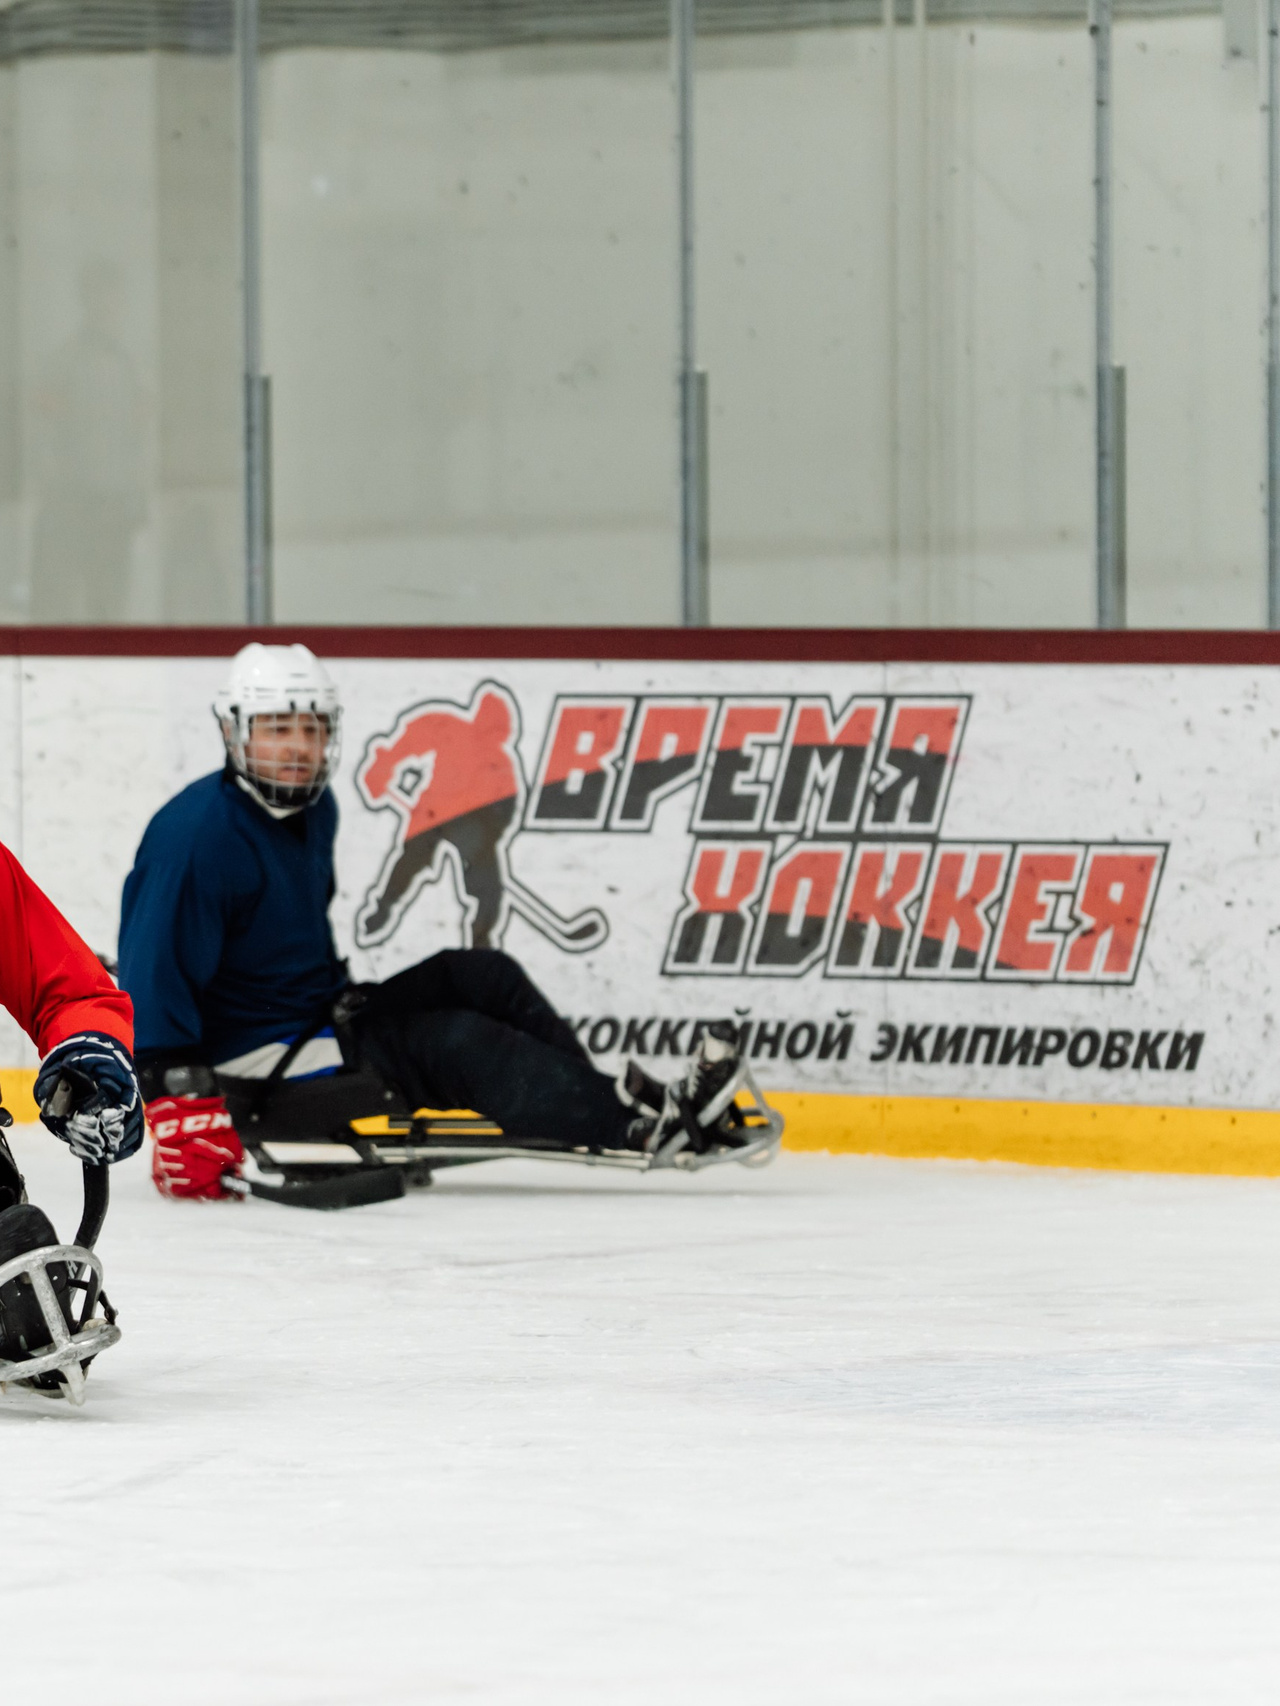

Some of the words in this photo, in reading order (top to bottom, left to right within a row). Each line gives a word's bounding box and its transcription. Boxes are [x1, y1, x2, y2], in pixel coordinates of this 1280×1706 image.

[523, 693, 973, 833] ВРЕМЯ
[661, 841, 1170, 985] ХОККЕЯ
[869, 1021, 1206, 1072] ЭКИПИРОВКИ
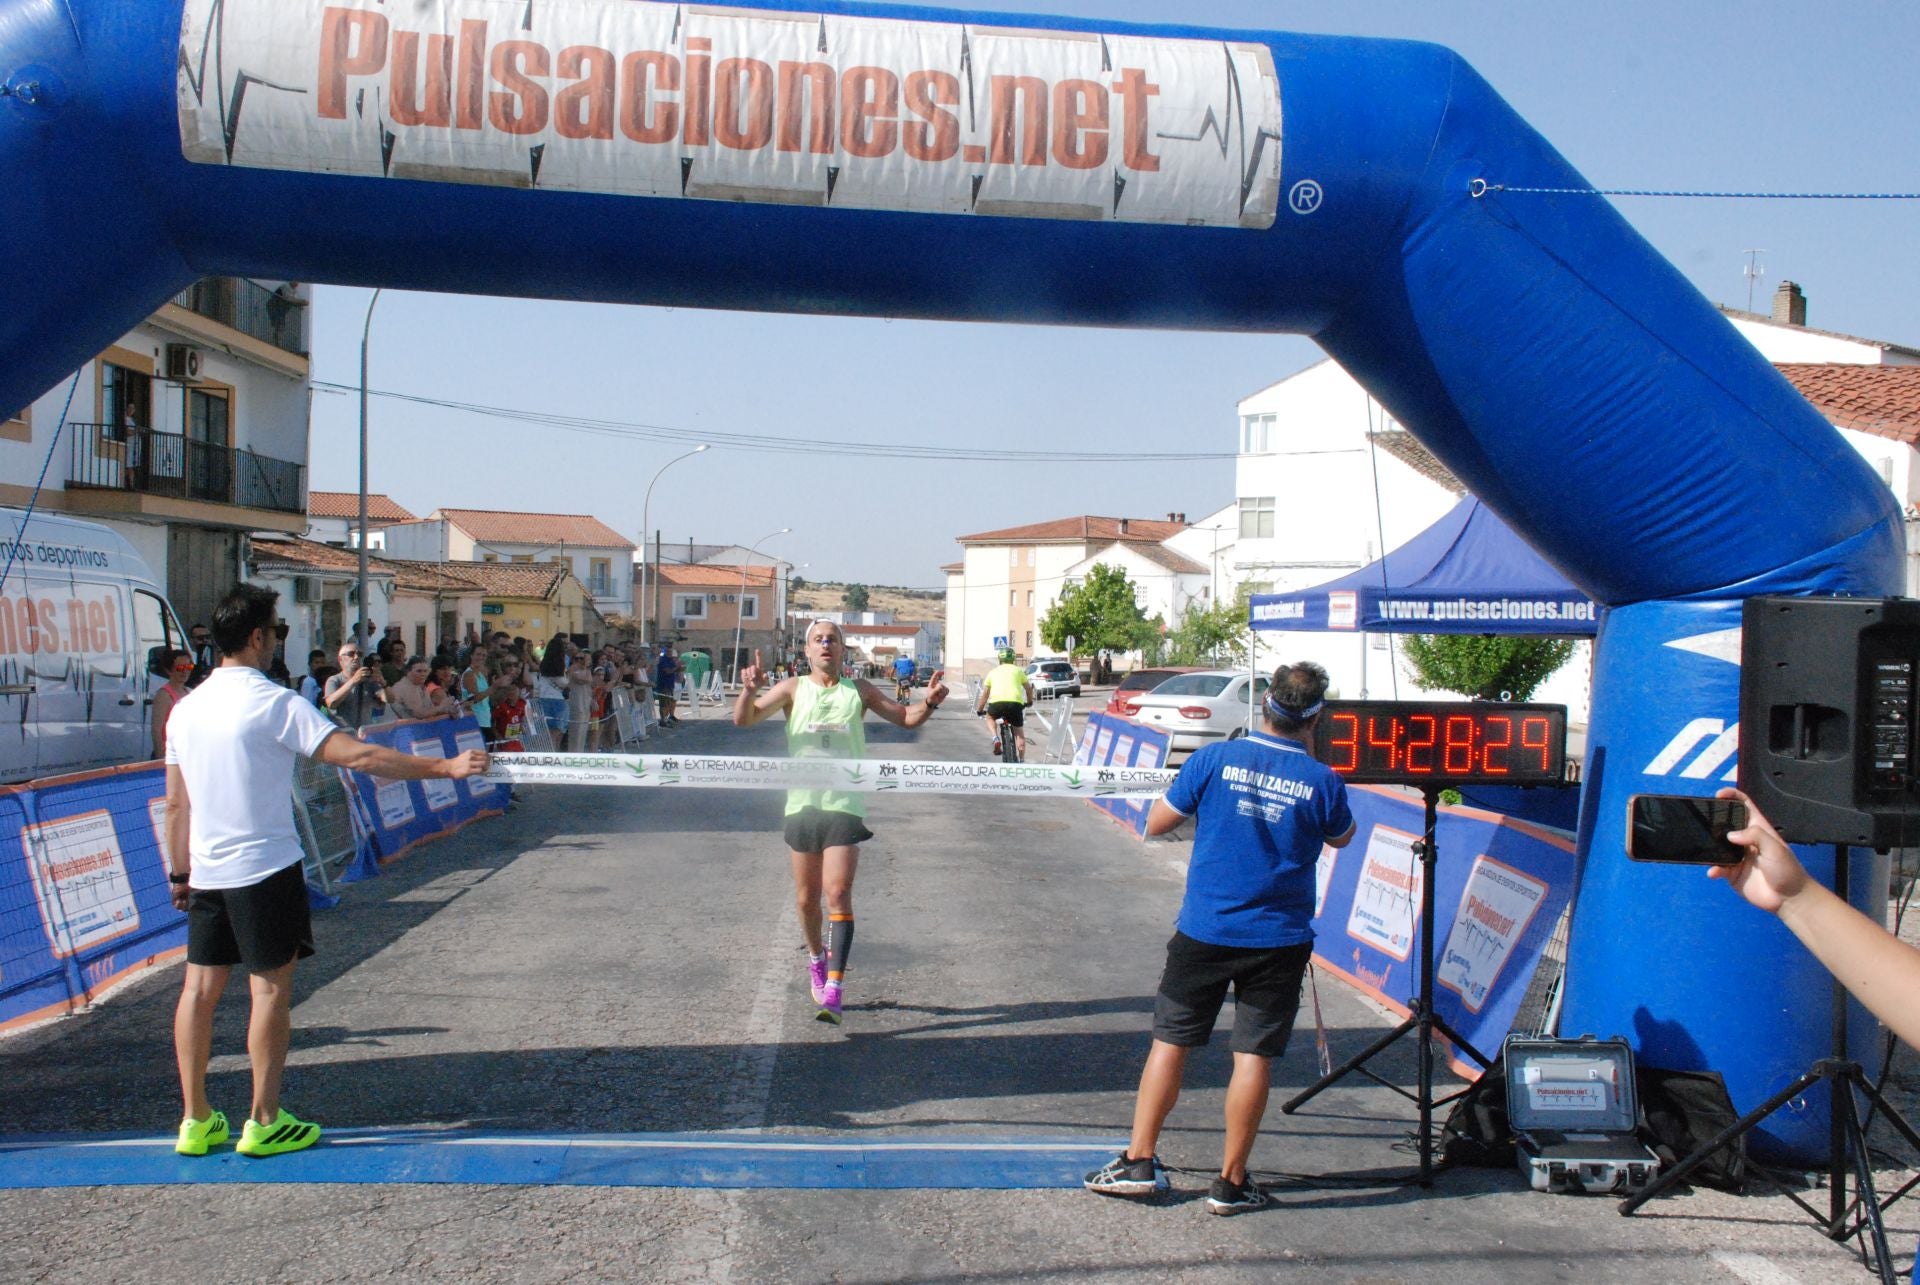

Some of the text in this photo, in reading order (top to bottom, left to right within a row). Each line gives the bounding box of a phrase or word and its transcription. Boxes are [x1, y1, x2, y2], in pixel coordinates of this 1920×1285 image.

[317, 6, 1160, 172] Pulsaciones.net
[38, 541, 109, 568] deportivos
[1378, 598, 1596, 621] www.pulsaciones.net
[1330, 712, 1549, 773] 34:28:29
[489, 755, 620, 768] REMADURA DEPORTE
[684, 759, 838, 774] EXTREMADURA DEPORTE
[902, 764, 1057, 779] EXTREMADURA DEPORTE
[905, 780, 939, 788] Dirección
[1019, 783, 1053, 792] Deportes
[1120, 770, 1174, 784] EXTREM
[1221, 764, 1315, 801] ORGANIZACIÓN
[1229, 783, 1297, 806] EVENTOS DEPORTIVOS
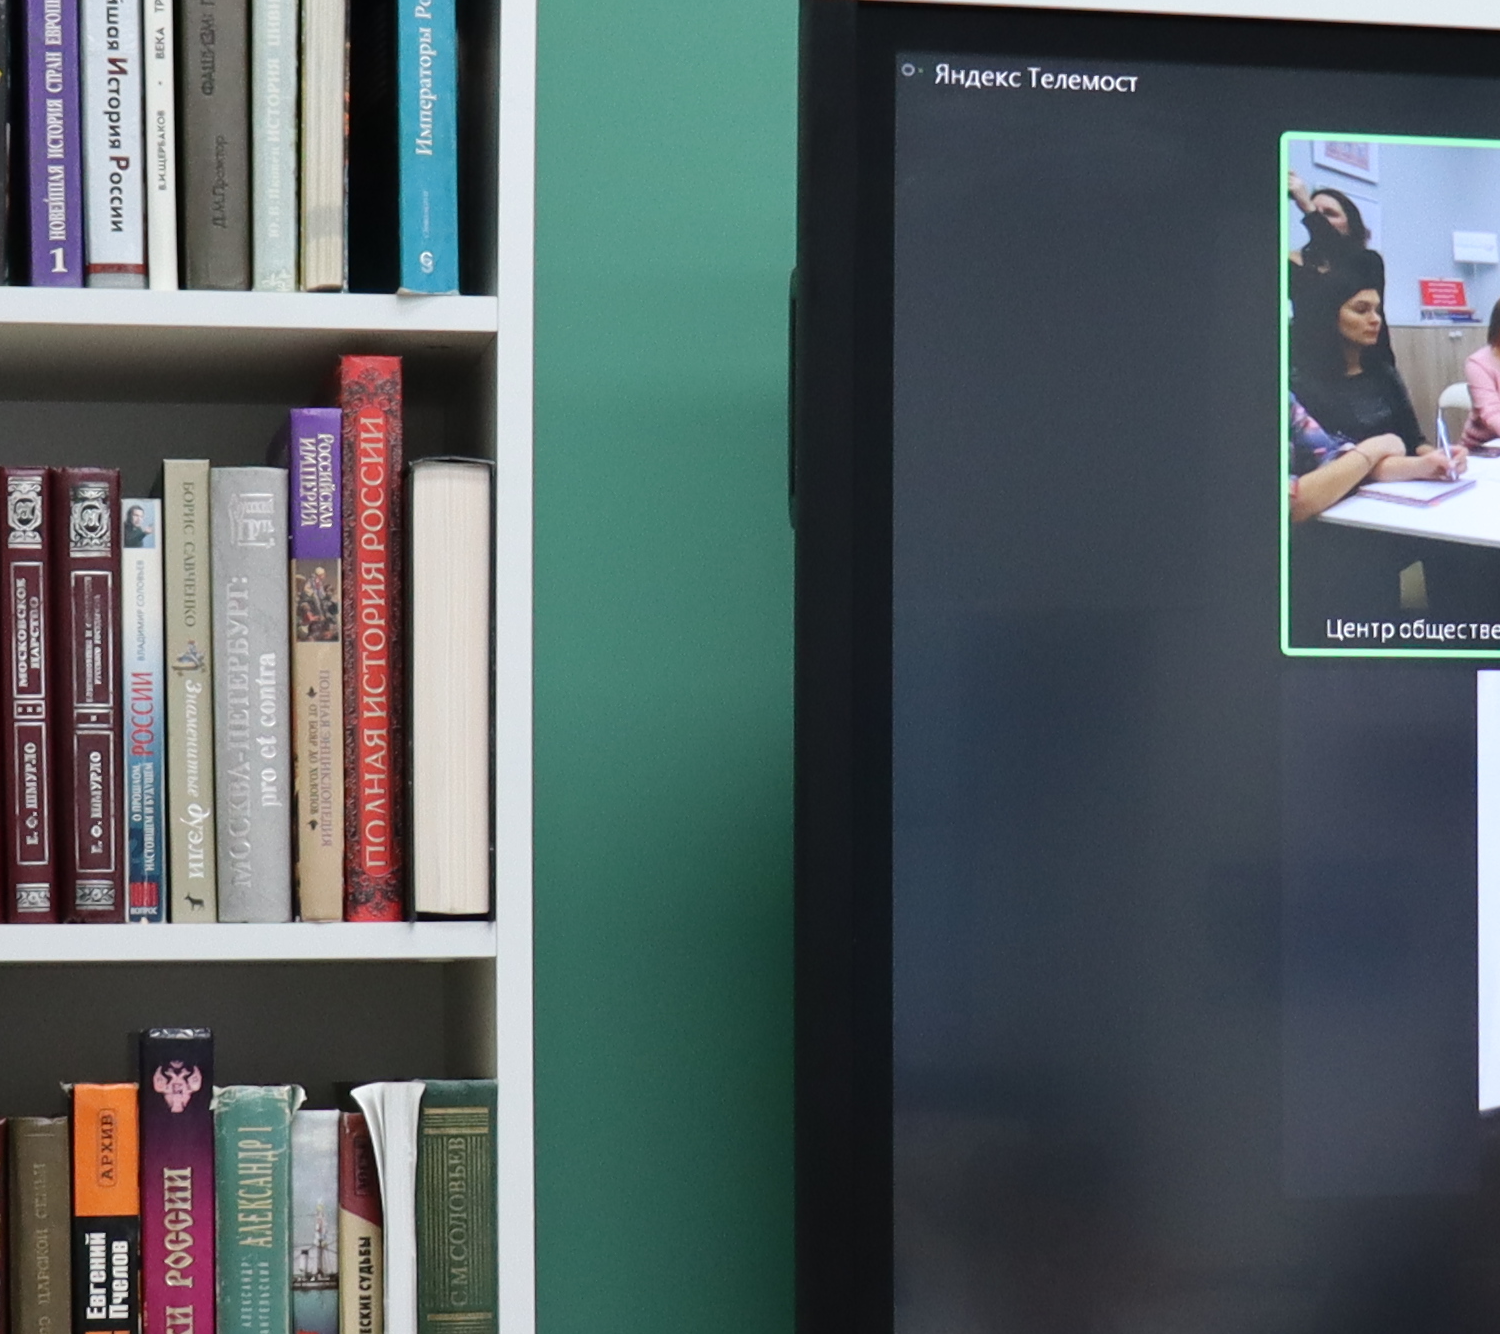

^^^^

• [What you should do]: Leaving out all pictures, transcribe the listing exactly.

• [Solution for this problem]:
Some of the words in this photo, in reading order (top to bottom, left to right within a row). Each line gives a word's bounding box and its transcription. Boxes are [x1, y1, x2, y2], in pixel coordinates of this 1280×1706 image.

[523, 693, 973, 833] ВРЕМЯ
[661, 841, 1170, 985] ХОККЕЯ
[869, 1021, 1206, 1072] ЭКИПИРОВКИ

Some of the text in this photo, in reading order (top to bottom, left to right within a row). Each line gives the bounding box of a phrase or word and its transcription. Boxes are [x1, y1, x2, y2], in pixel coordinates of this 1920×1285 image.

[317, 6, 1160, 172] Pulsaciones.net
[38, 541, 109, 568] deportivos
[1378, 598, 1596, 621] www.pulsaciones.net
[1330, 712, 1549, 773] 34:28:29
[489, 755, 620, 768] REMADURA DEPORTE
[684, 759, 838, 774] EXTREMADURA DEPORTE
[902, 764, 1057, 779] EXTREMADURA DEPORTE
[905, 780, 939, 788] Dirección
[1019, 783, 1053, 792] Deportes
[1120, 770, 1174, 784] EXTREM
[1221, 764, 1315, 801] ORGANIZACIÓN
[1229, 783, 1297, 806] EVENTOS DEPORTIVOS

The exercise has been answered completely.